Task objective:
Give back an exact copy of the entries beneath, minus the pictures.

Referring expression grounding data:
▽
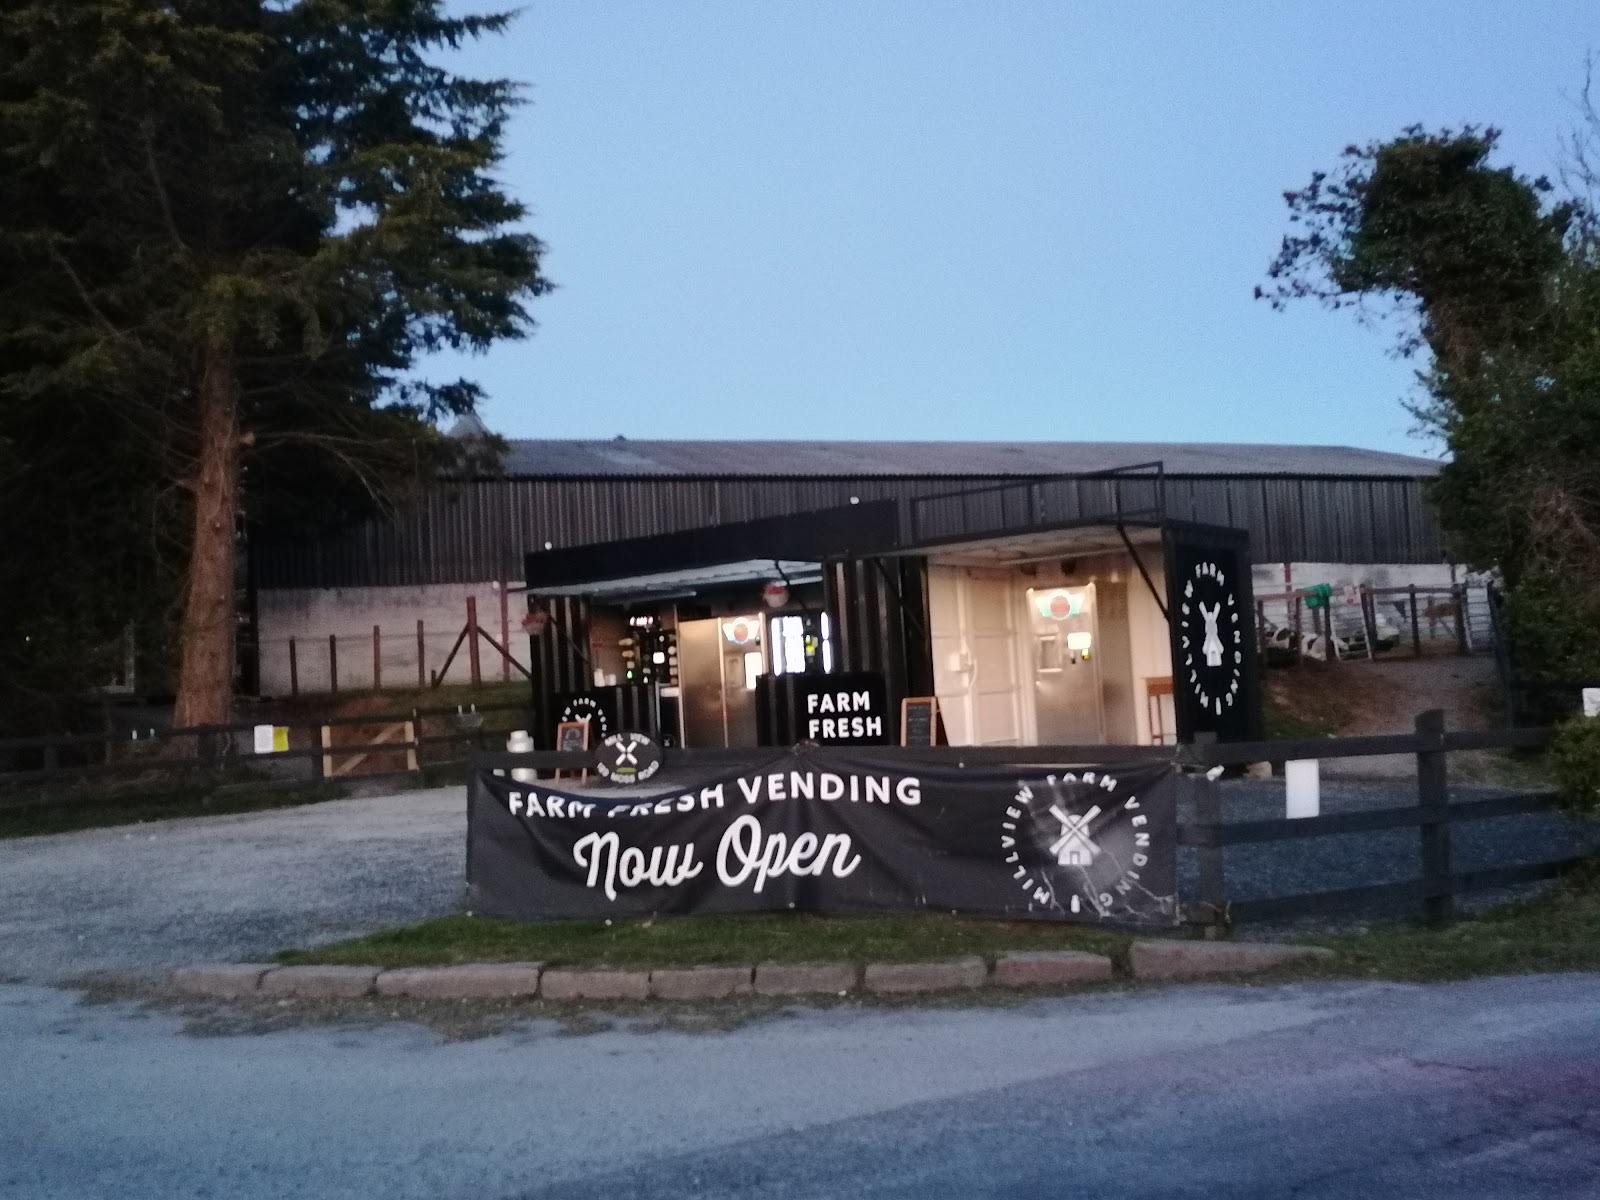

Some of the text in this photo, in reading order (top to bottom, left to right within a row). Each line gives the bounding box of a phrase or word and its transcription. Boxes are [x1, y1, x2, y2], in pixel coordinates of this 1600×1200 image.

[807, 690, 870, 714] FARM
[808, 716, 882, 739] FRESH
[508, 791, 596, 819] FARM
[737, 770, 922, 805] VENDING
[716, 814, 861, 892] Open
[1046, 772, 1118, 792] FARM
[1099, 796, 1150, 907] VENDING
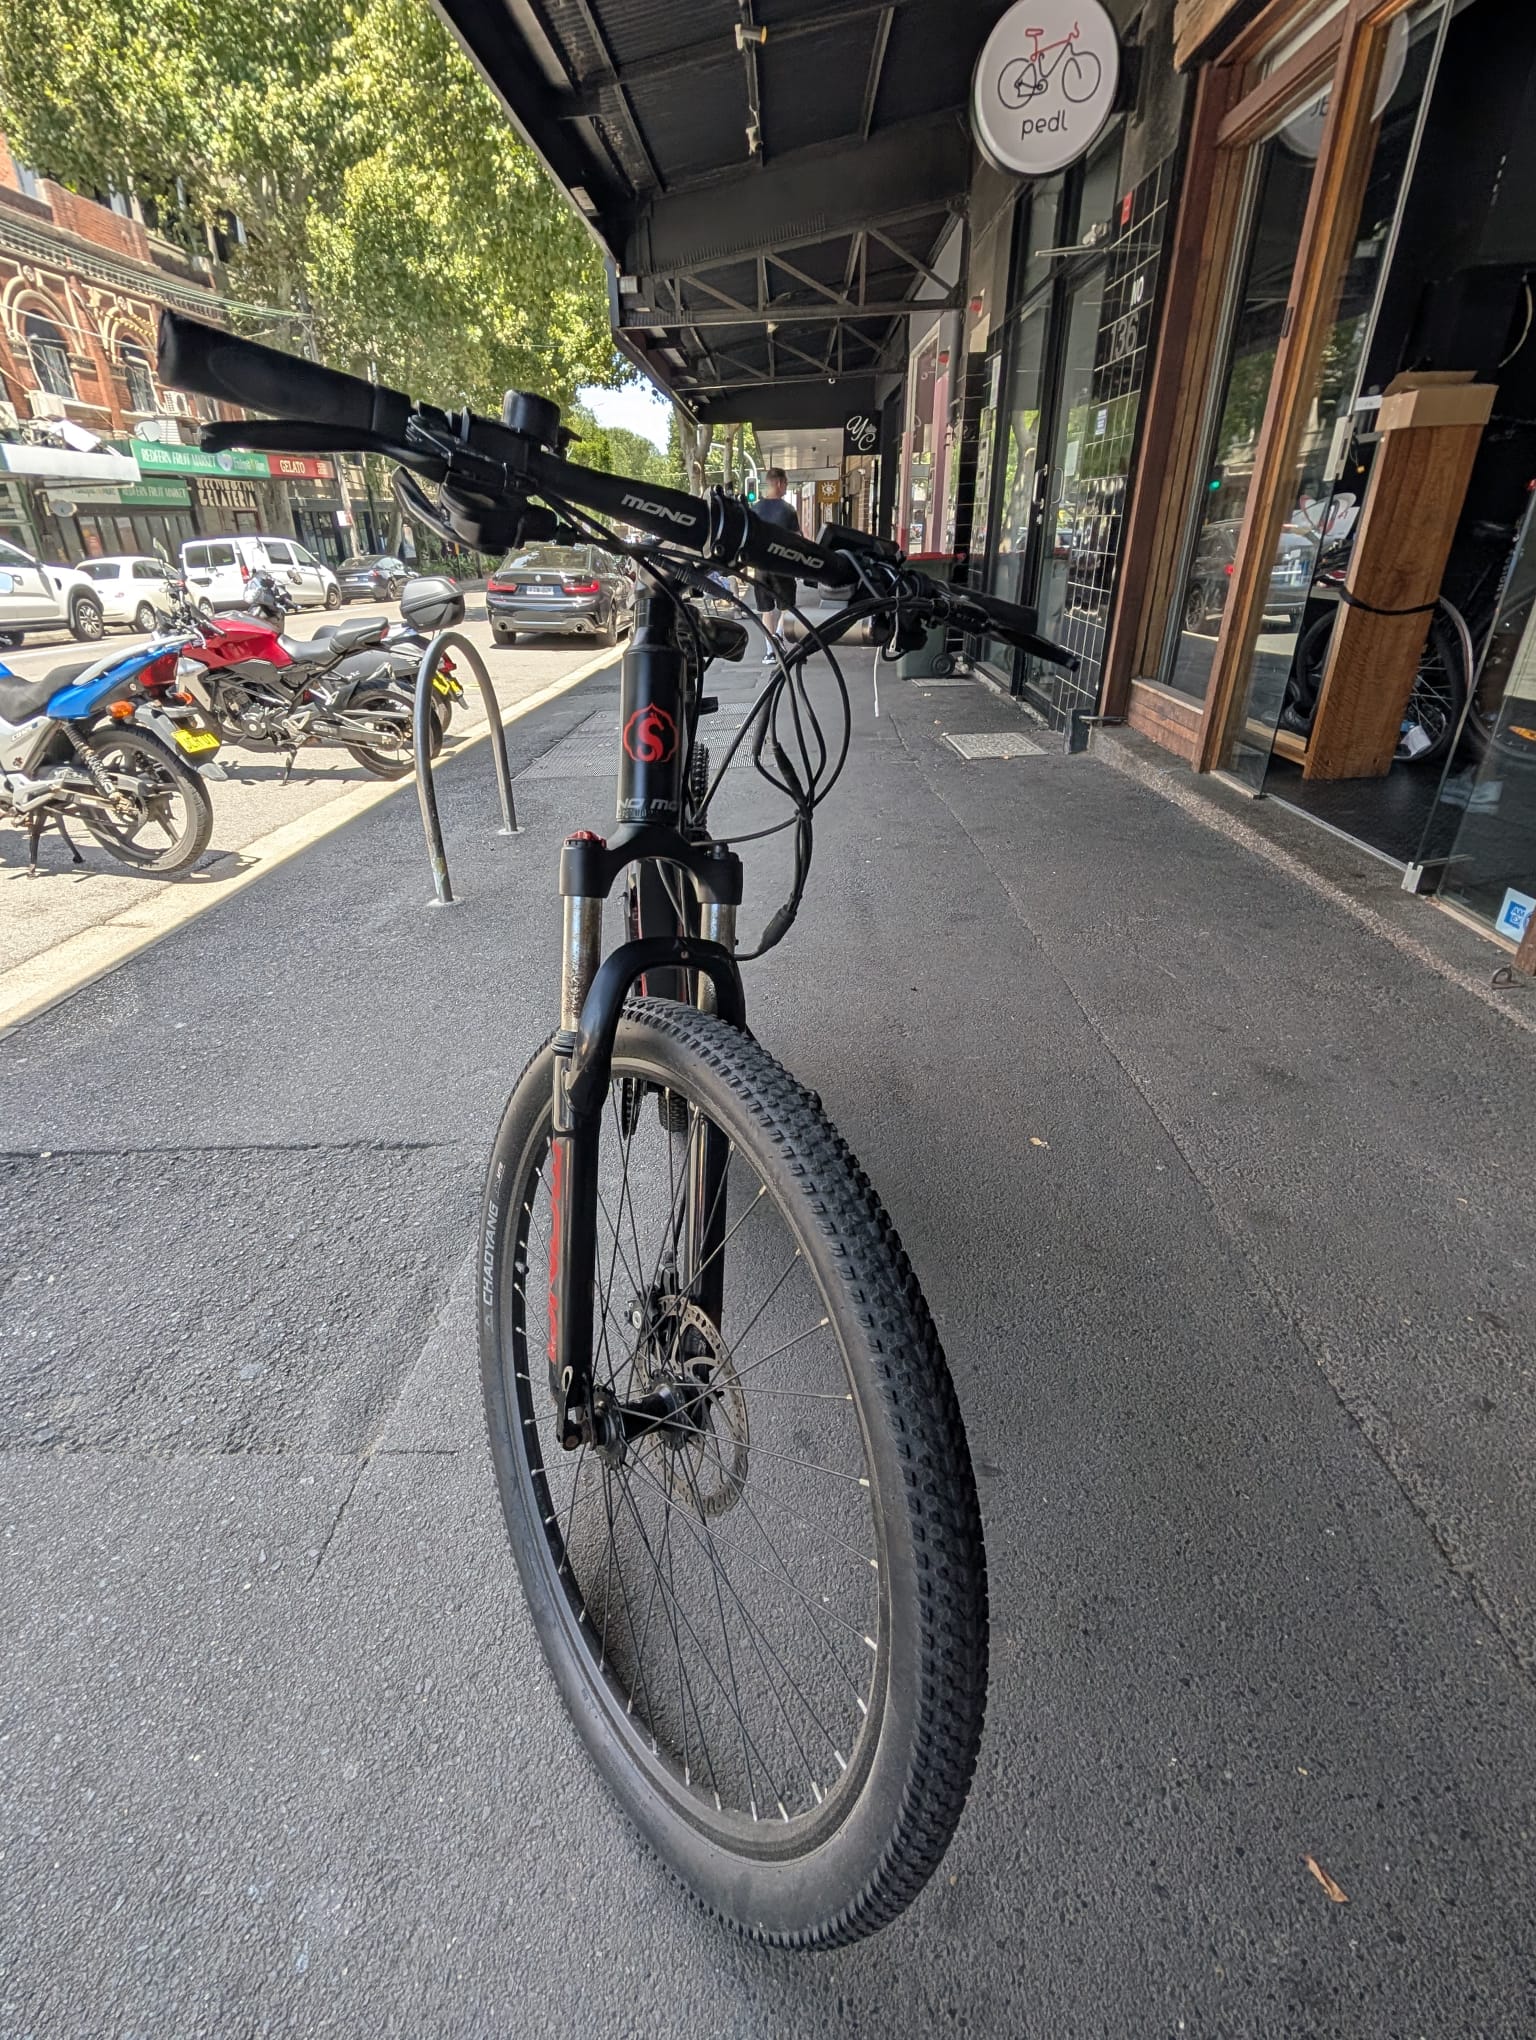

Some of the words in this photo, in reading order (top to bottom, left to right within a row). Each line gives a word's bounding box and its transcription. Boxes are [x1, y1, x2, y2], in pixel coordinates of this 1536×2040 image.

[1021, 110, 1068, 141] pedl
[1130, 276, 1144, 306] NO
[1109, 312, 1139, 362] 136
[141, 448, 172, 465] REDFERN
[172, 451, 190, 465] FRUIT
[191, 453, 217, 468] MARKET
[279, 459, 306, 474] GELATO
[197, 489, 257, 508] GELATERIA
[620, 494, 697, 528] MONO
[767, 542, 825, 570] MONO
[482, 1199, 500, 1307] CHAOYANG
△
Written response:
Some of the text in this photo, in reading order (top to bottom, left to right within a row). Each line gives the bounding box of a phrase or word and its transcription. Boxes are [x1, y1, x2, y2], in pixel coordinates of this 1600×1200 image.

[807, 690, 870, 714] FARM
[808, 716, 882, 739] FRESH
[508, 791, 596, 819] FARM
[737, 770, 922, 805] VENDING
[716, 814, 861, 892] Open
[1046, 772, 1118, 792] FARM
[1099, 796, 1150, 907] VENDING

Some of the words in this photo, in reading order (top to bottom, left to right within a row). Each line gives a word's bounding box and its transcription. Boxes are [x1, y1, x2, y2], in pixel coordinates of this 1536×2040 image.

[1021, 110, 1068, 141] pedl
[1130, 276, 1144, 306] NO
[1109, 312, 1139, 362] 136
[141, 448, 172, 465] REDFERN
[172, 451, 190, 465] FRUIT
[191, 453, 217, 468] MARKET
[279, 459, 306, 474] GELATO
[197, 489, 257, 508] GELATERIA
[620, 494, 697, 528] MONO
[767, 542, 825, 570] MONO
[482, 1199, 500, 1307] CHAOYANG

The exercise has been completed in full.